■ Problem requirements
Retype the data that follows exactly. No pictures belong in the copy.

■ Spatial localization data
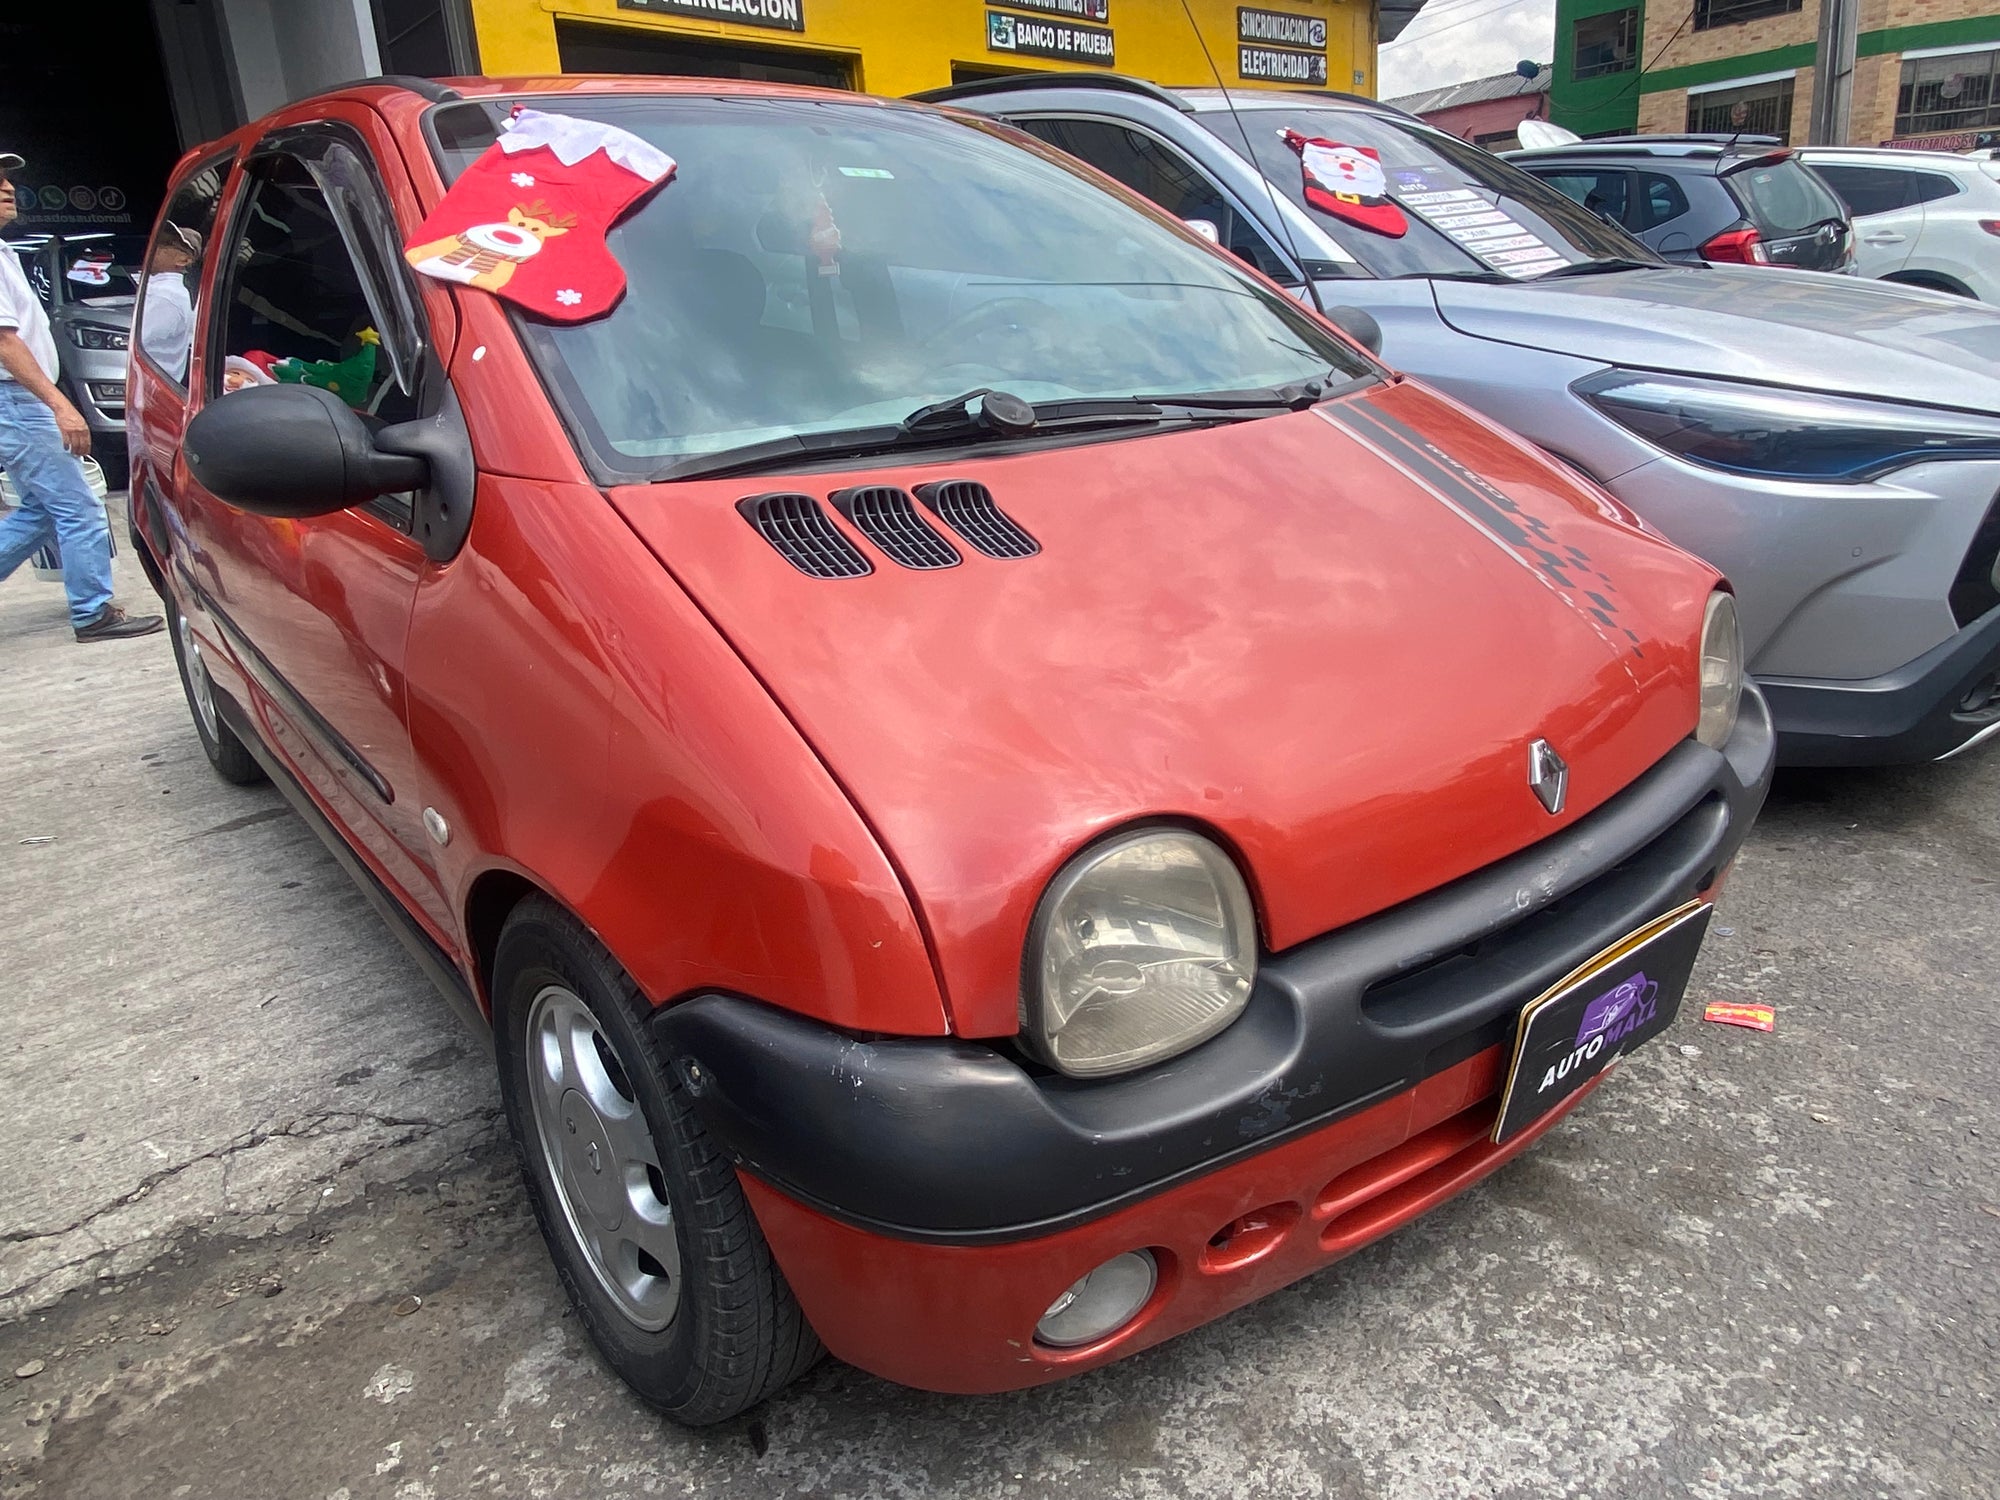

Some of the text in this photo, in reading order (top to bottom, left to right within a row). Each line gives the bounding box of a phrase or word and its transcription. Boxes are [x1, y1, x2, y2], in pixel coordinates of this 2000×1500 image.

[1017, 23, 1114, 56] BANCO DE PRUEBA
[1241, 11, 1308, 43] SINCRONIZACION
[1241, 49, 1310, 79] ELECTRICIDAD
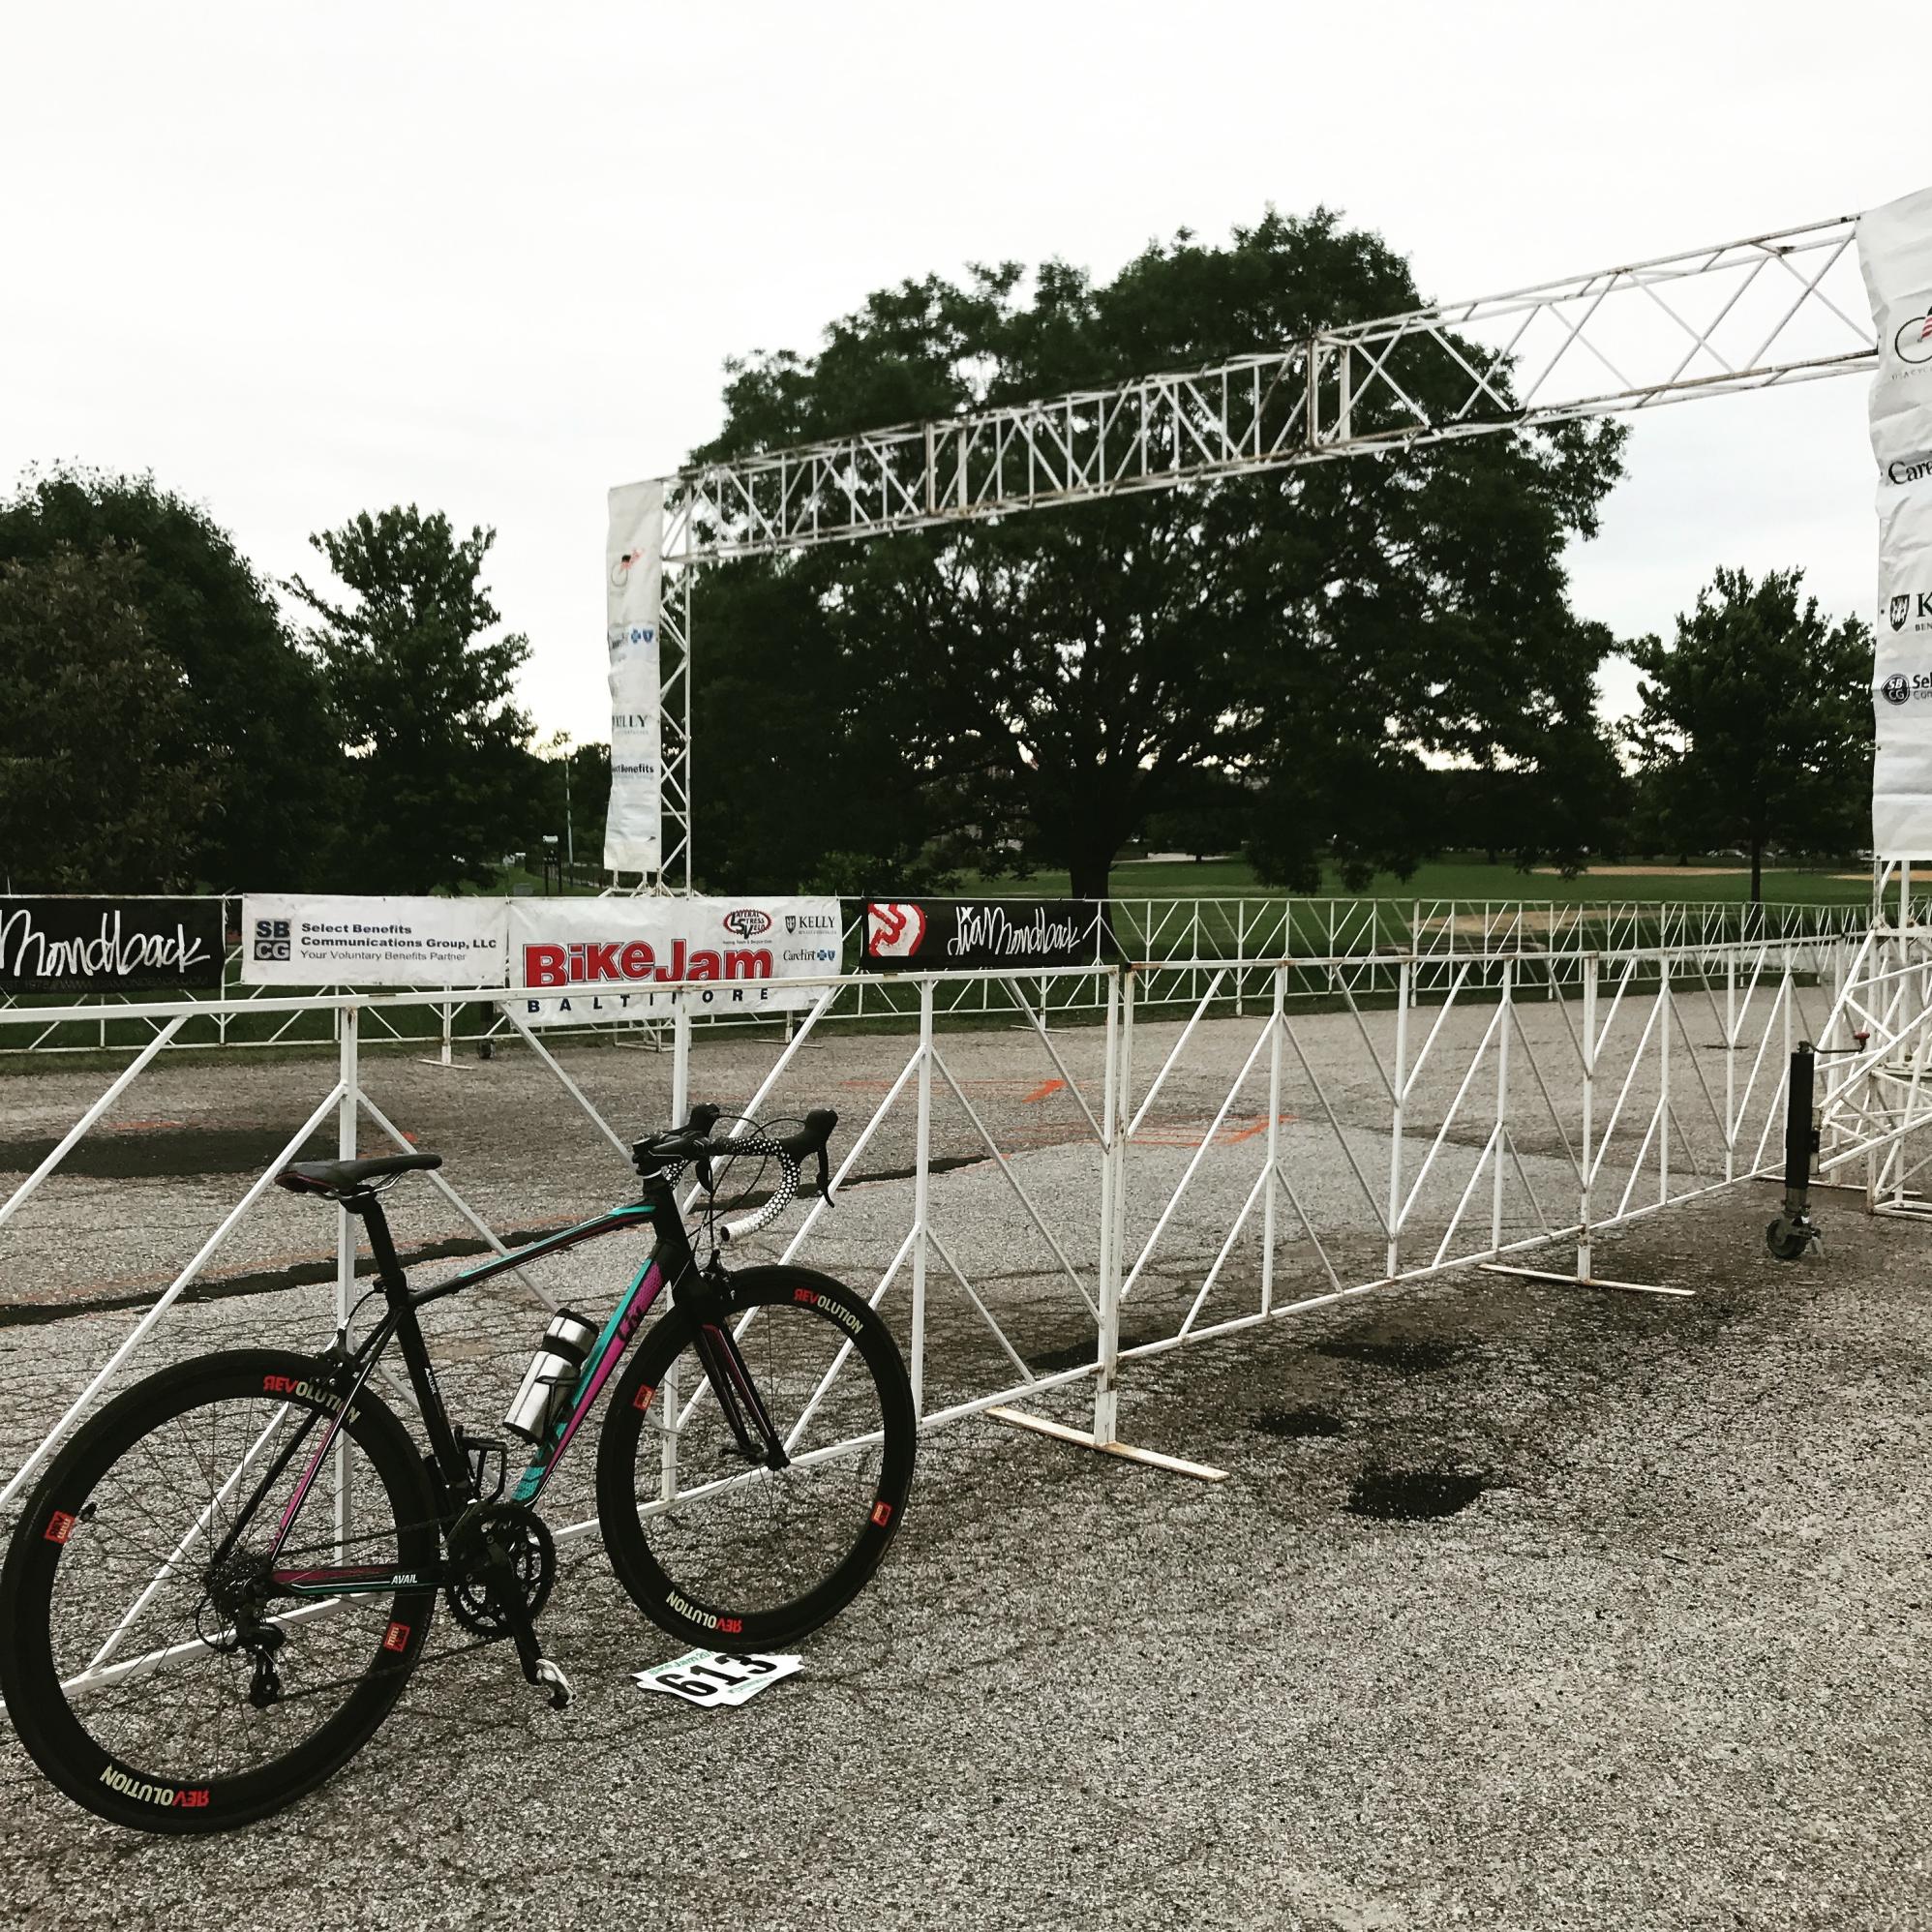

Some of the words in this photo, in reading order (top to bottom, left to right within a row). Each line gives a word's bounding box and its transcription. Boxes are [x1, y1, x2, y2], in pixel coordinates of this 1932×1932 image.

■ Exercise answer
Some of the text in this photo, in reading order (top to bottom, left to right within a row). Each line gives the bounding box of a phrase or word and its transcription. Boxes are [x1, y1, x2, y2], in pixel coordinates of this 2000×1500 image.

[1017, 23, 1114, 56] BANCO DE PRUEBA
[1241, 11, 1308, 43] SINCRONIZACION
[1241, 49, 1310, 79] ELECTRICIDAD

Some of the words in this photo, in reading order (top to bottom, left to right within a row). Each line gives a word's bounding box and its transcription. Boxes are [x1, y1, x2, y2], in pixel coordinates of this 1932×1932 image.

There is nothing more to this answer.